### Data shown
[Start of section]
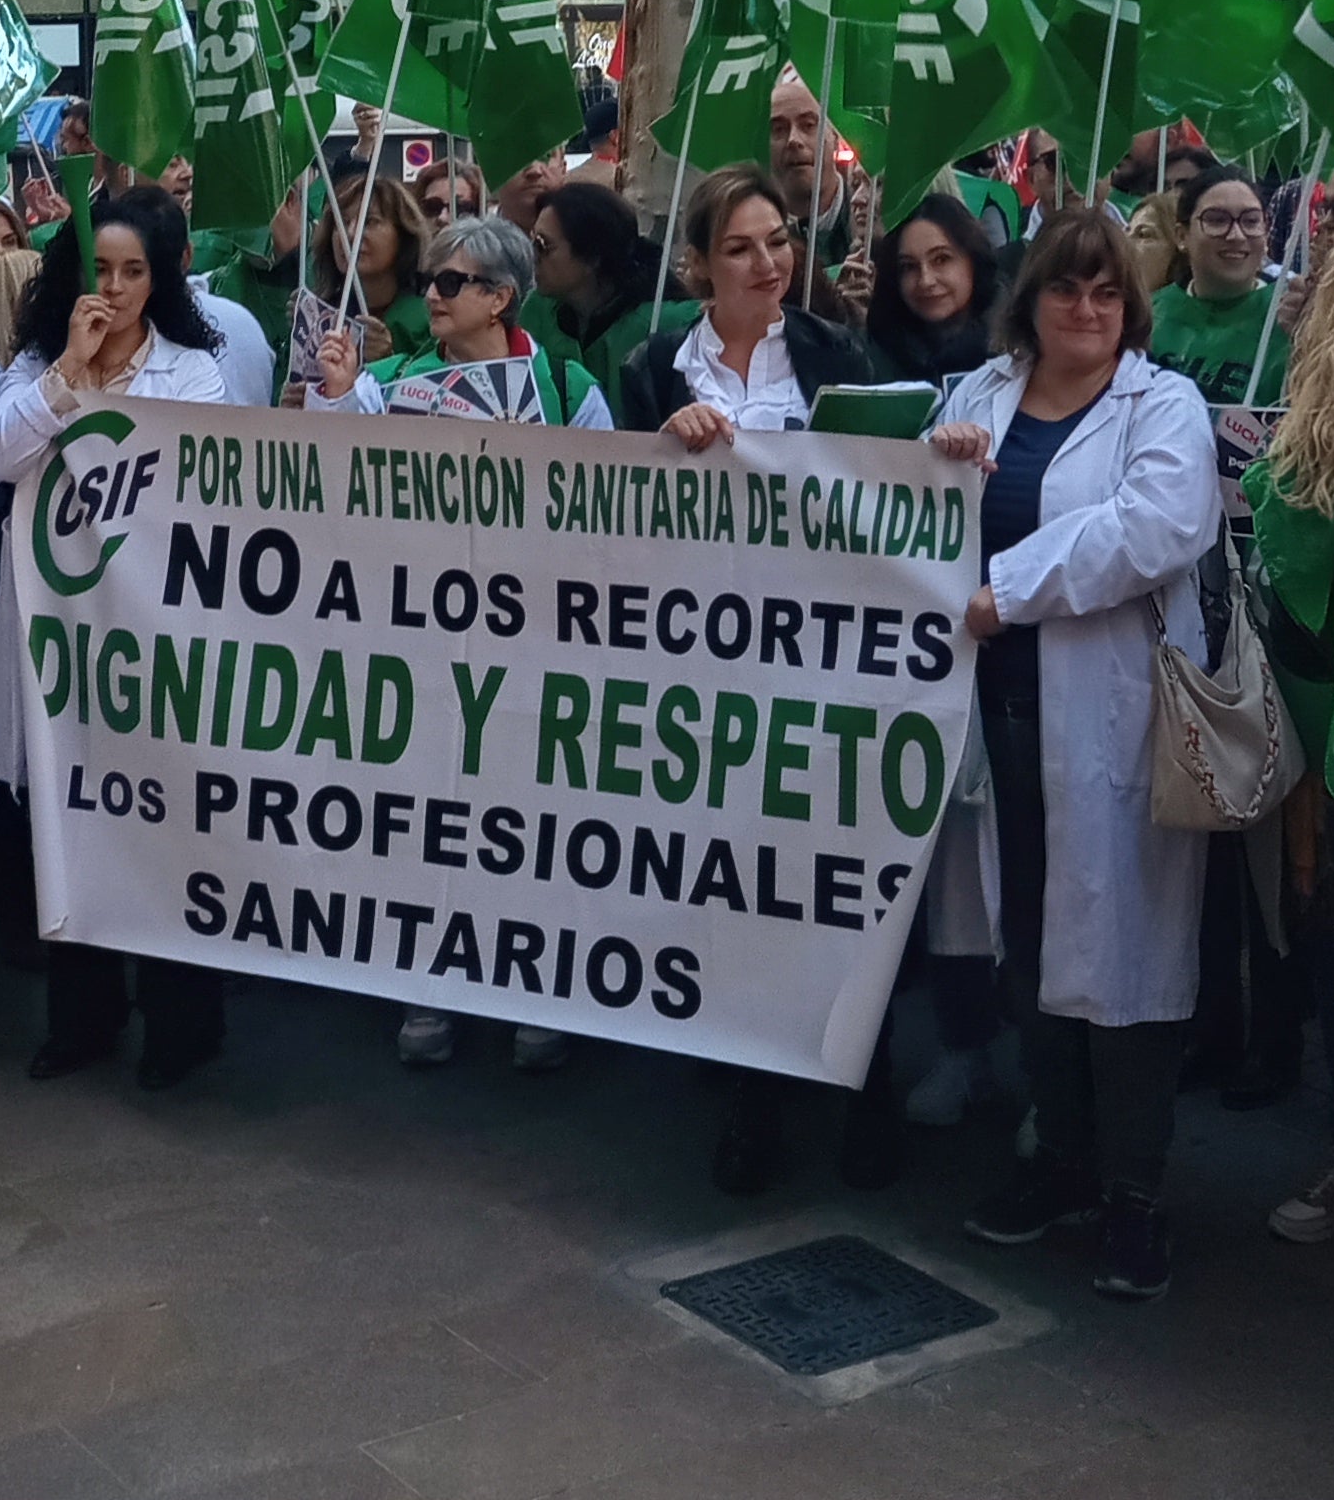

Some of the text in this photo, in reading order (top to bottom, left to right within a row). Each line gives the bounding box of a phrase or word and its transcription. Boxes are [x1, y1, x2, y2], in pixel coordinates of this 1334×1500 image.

[177, 434, 965, 562] POR UNA ATENCIÓN SANITARIA DE CALIDAD
[162, 522, 955, 683] NO A LOS RECORTES
[28, 614, 946, 839] DIGNIDAD Y RESPETO
[67, 764, 167, 824] LOS
[183, 870, 703, 1021] SANITARIOS
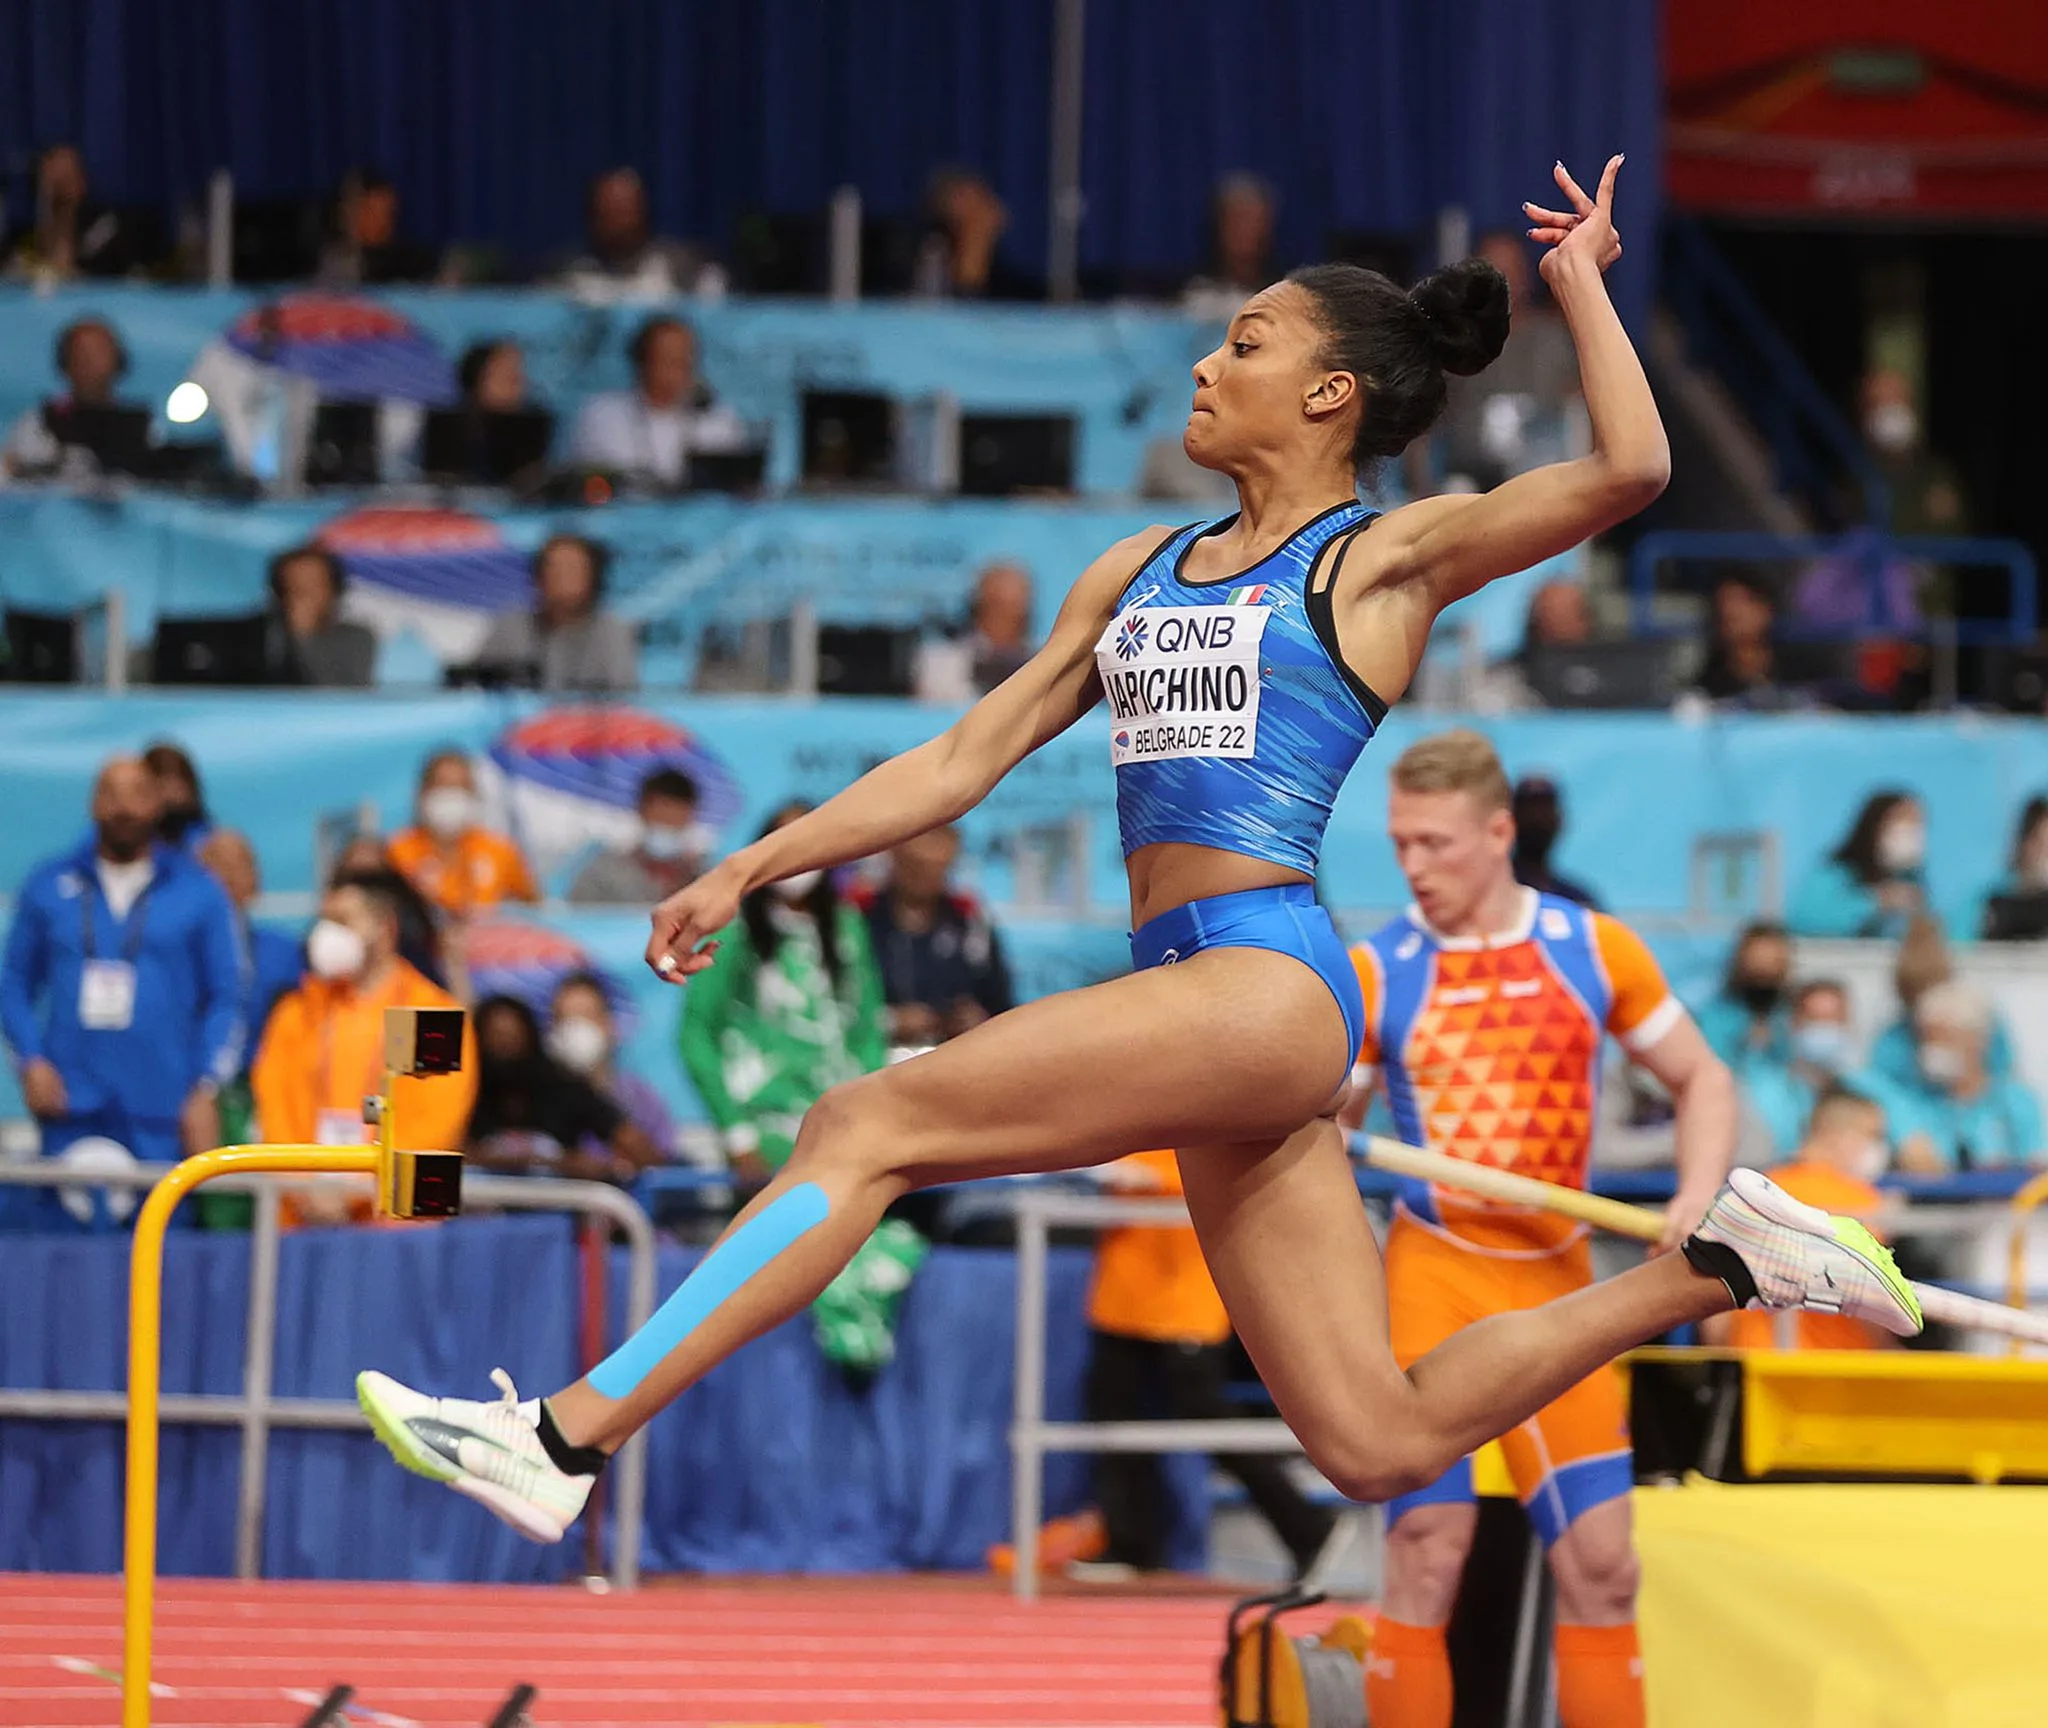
[End of section]
Restate the records above in full, word for word. Keep pictures out.

### Completed exercise
Some of the text in this photo, in reading order (top to bottom, left to right within a row). Each line gives the bounding box of a phrase or word and its transcription. Boxes are [x1, y1, x2, y2], in pixel coordinates of this 1334×1500 image.

[177, 434, 965, 562] POR UNA ATENCIÓN SANITARIA DE CALIDAD
[162, 522, 955, 683] NO A LOS RECORTES
[28, 614, 946, 839] DIGNIDAD Y RESPETO
[67, 764, 167, 824] LOS
[183, 870, 703, 1021] SANITARIOS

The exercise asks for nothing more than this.